[Images for object localization]

===============

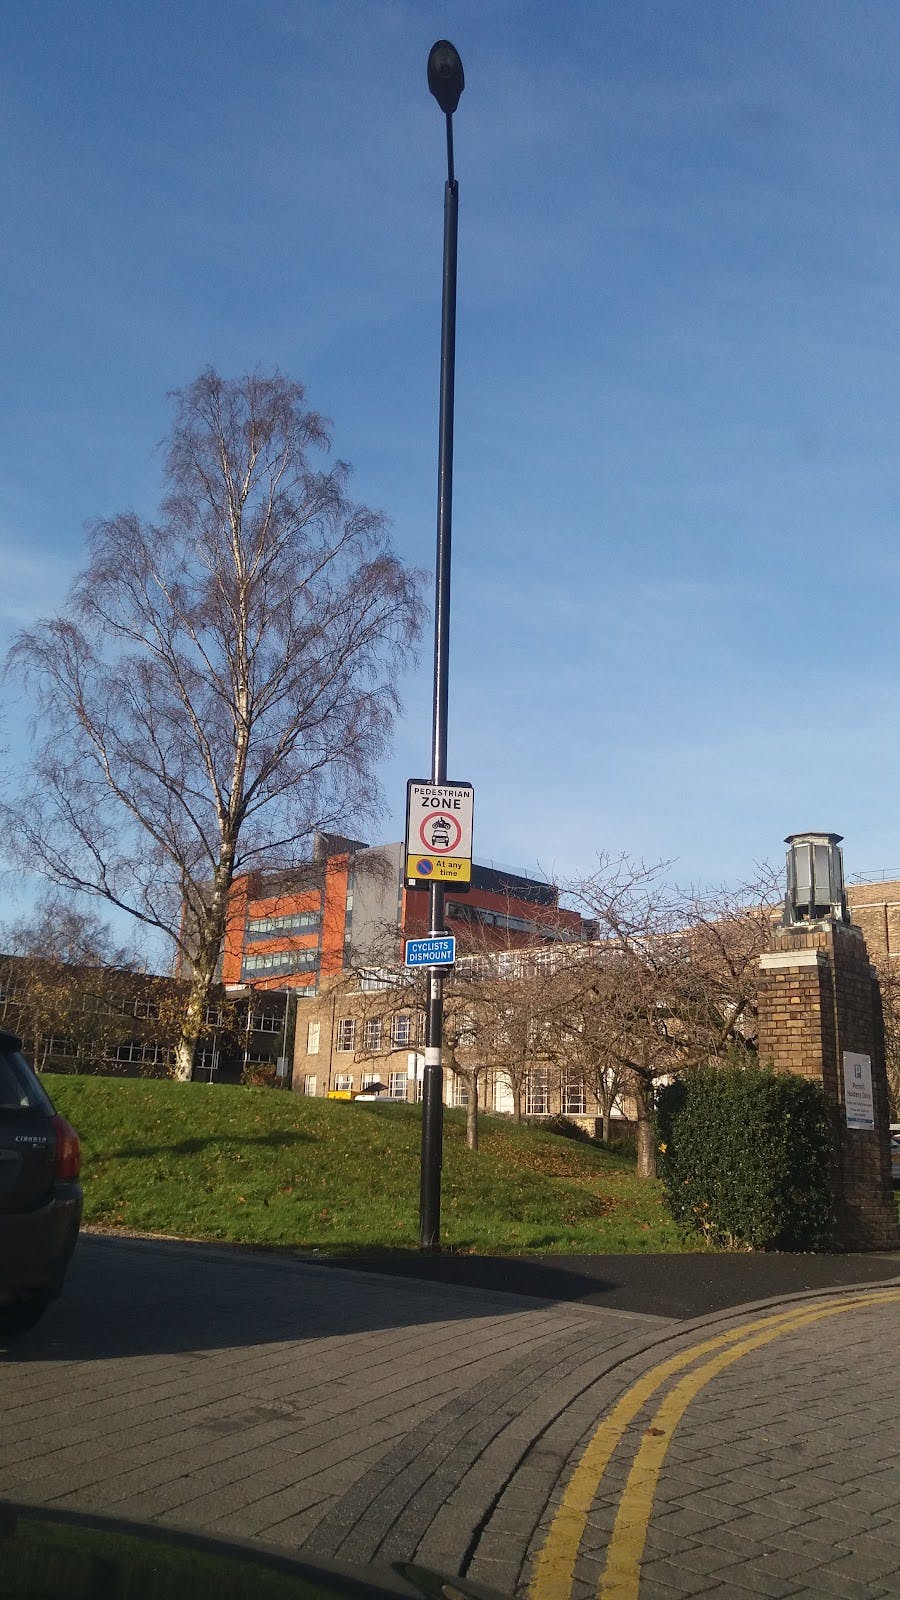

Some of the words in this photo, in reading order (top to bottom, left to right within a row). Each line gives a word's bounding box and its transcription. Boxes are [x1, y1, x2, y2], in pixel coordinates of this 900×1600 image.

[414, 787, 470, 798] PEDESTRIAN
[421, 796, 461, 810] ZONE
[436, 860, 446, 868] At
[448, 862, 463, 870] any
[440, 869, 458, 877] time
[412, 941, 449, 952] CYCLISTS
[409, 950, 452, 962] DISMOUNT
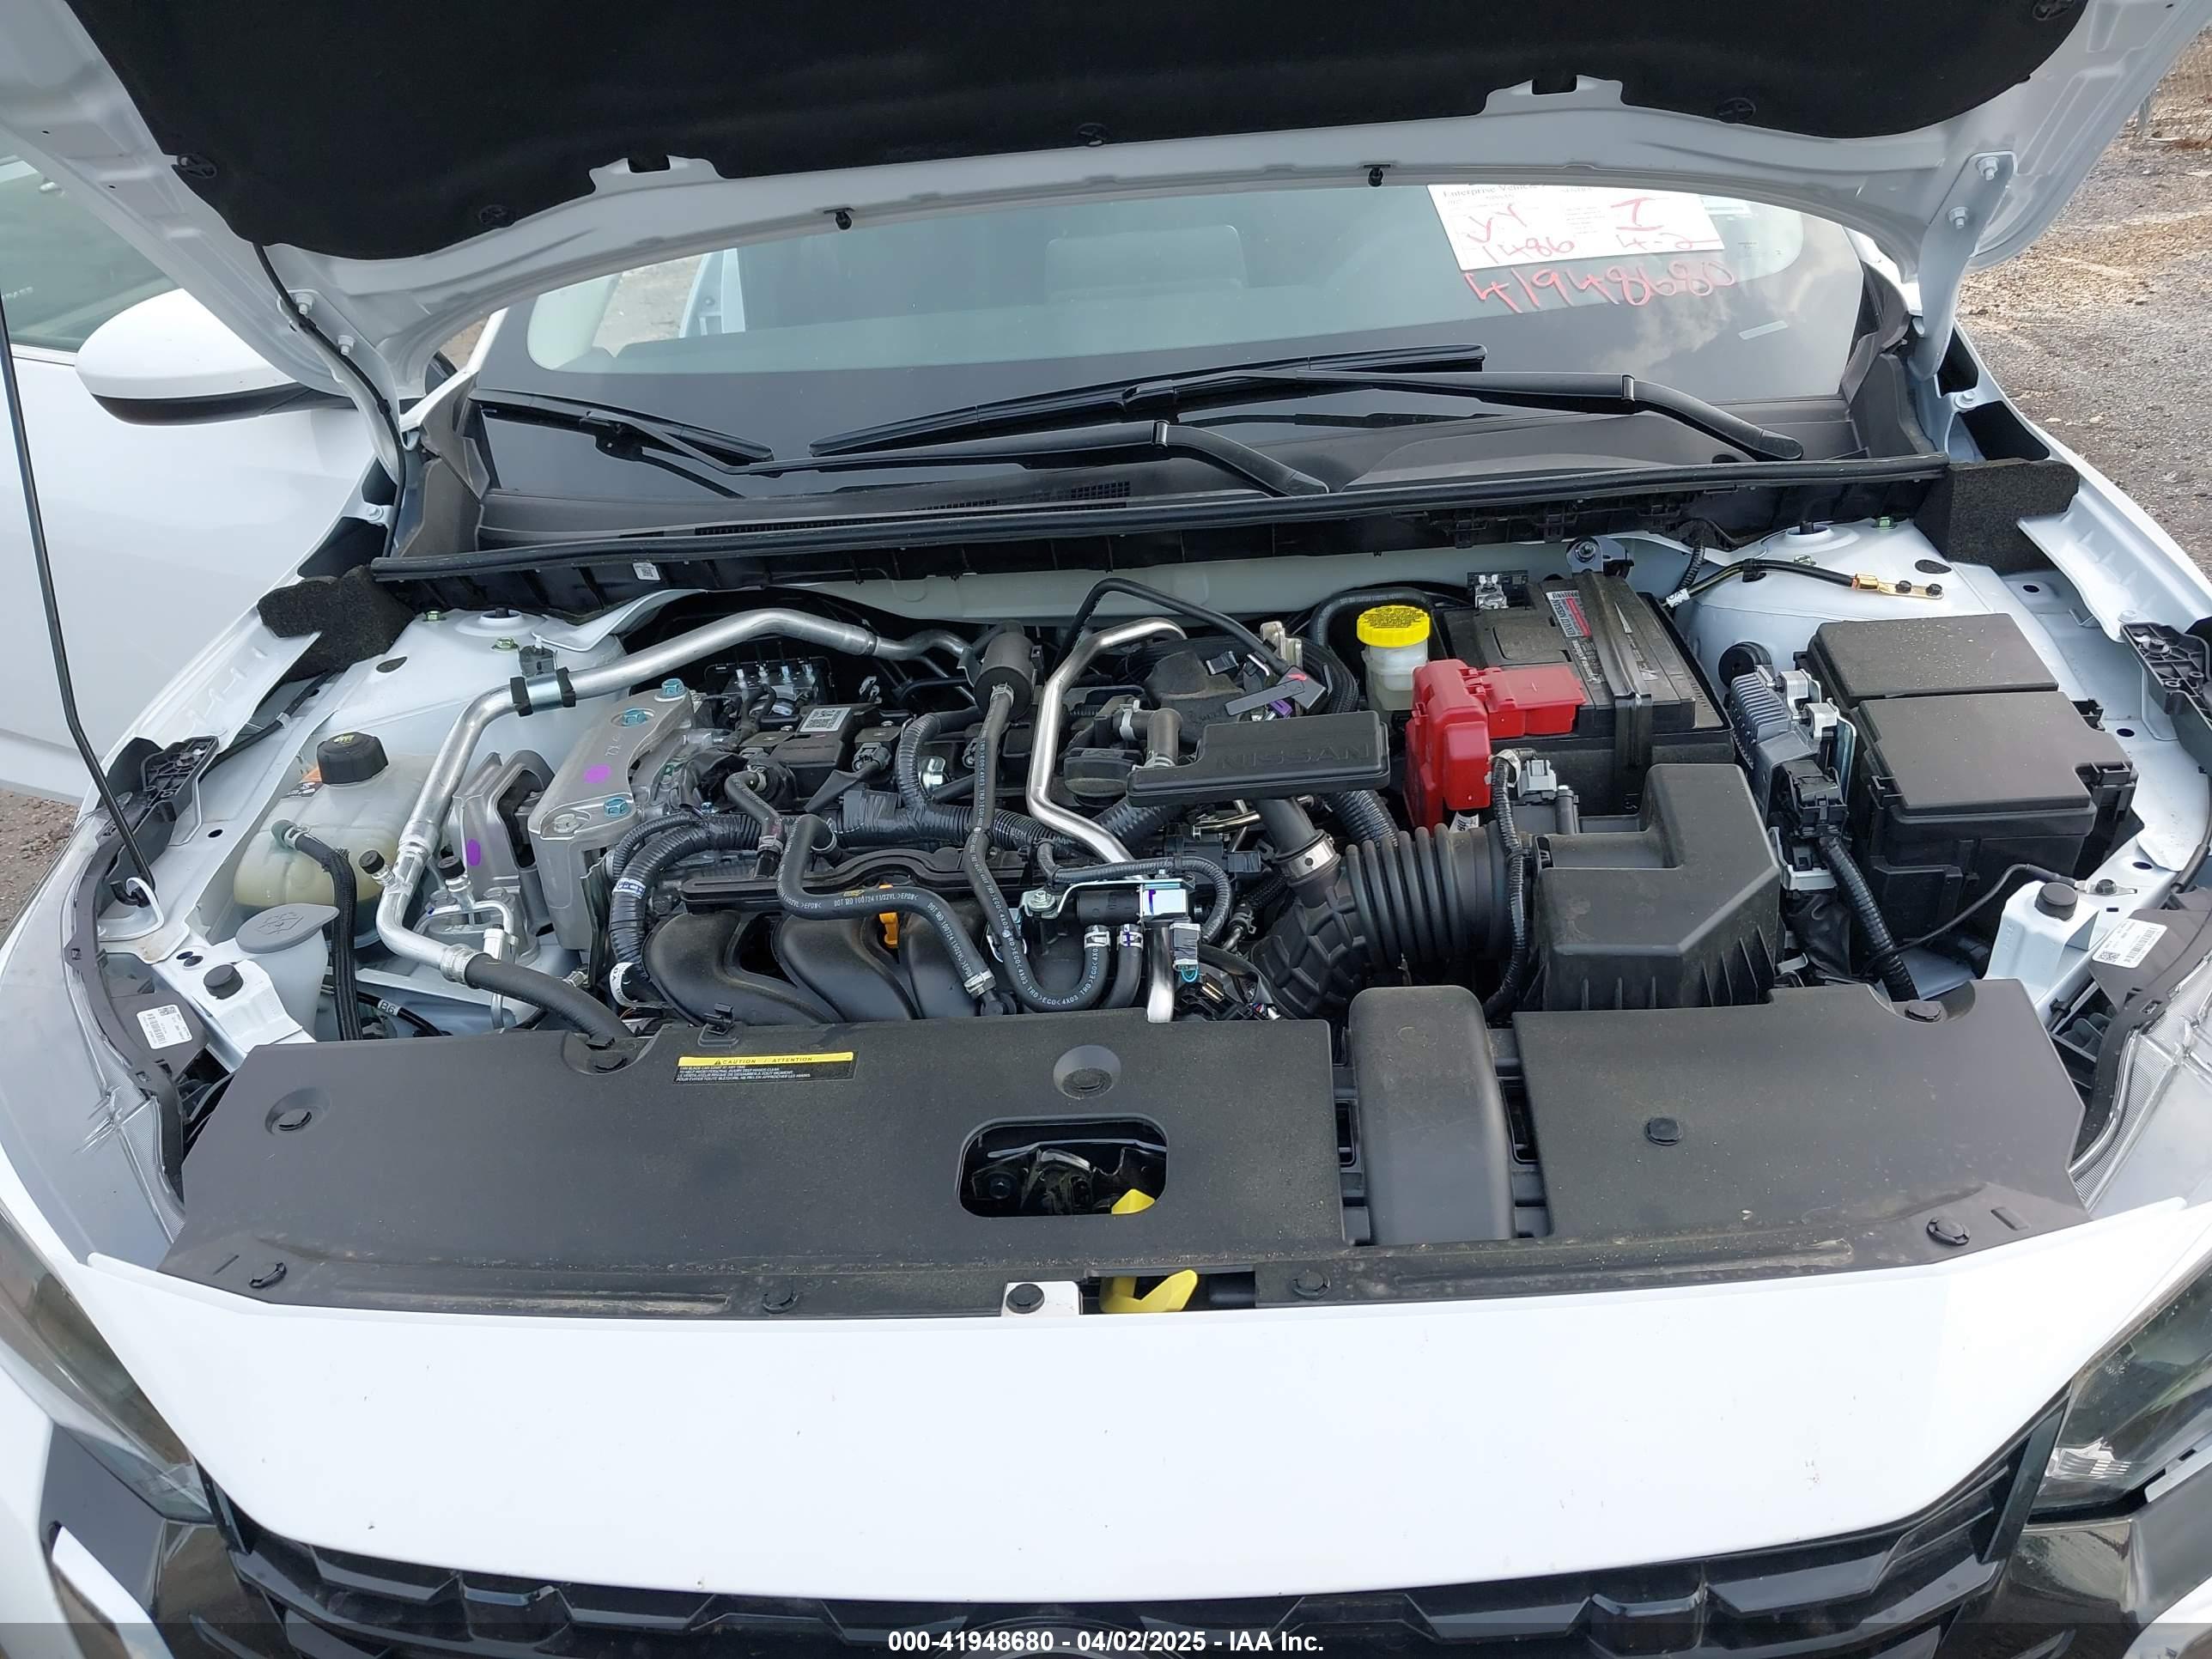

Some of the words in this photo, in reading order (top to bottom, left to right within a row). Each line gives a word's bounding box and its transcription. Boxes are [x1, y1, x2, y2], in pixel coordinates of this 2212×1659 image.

===============

- [WORK INSTRUCTION]: Your task is to copy the entries in full and exactly, without any images.

- [WRITTEN RESPONSE]:
Some of the words in this photo, in reading order (top to bottom, left to right within a row). Each line gives a word's bounding box and its transcription. Boxes are [x1, y1, x2, y2], in pixel coordinates of this 900×1600 image.

[414, 787, 470, 798] PEDESTRIAN
[421, 796, 461, 810] ZONE
[436, 860, 446, 868] At
[448, 862, 463, 870] any
[440, 869, 458, 877] time
[412, 941, 449, 952] CYCLISTS
[409, 950, 452, 962] DISMOUNT

Some of the words in this photo, in reading order (top to bottom, left to right within a row). Each line gives a word's bounding box and its transcription. Boxes are [x1, y1, x2, y2], in pixel coordinates of this 2212×1659 image.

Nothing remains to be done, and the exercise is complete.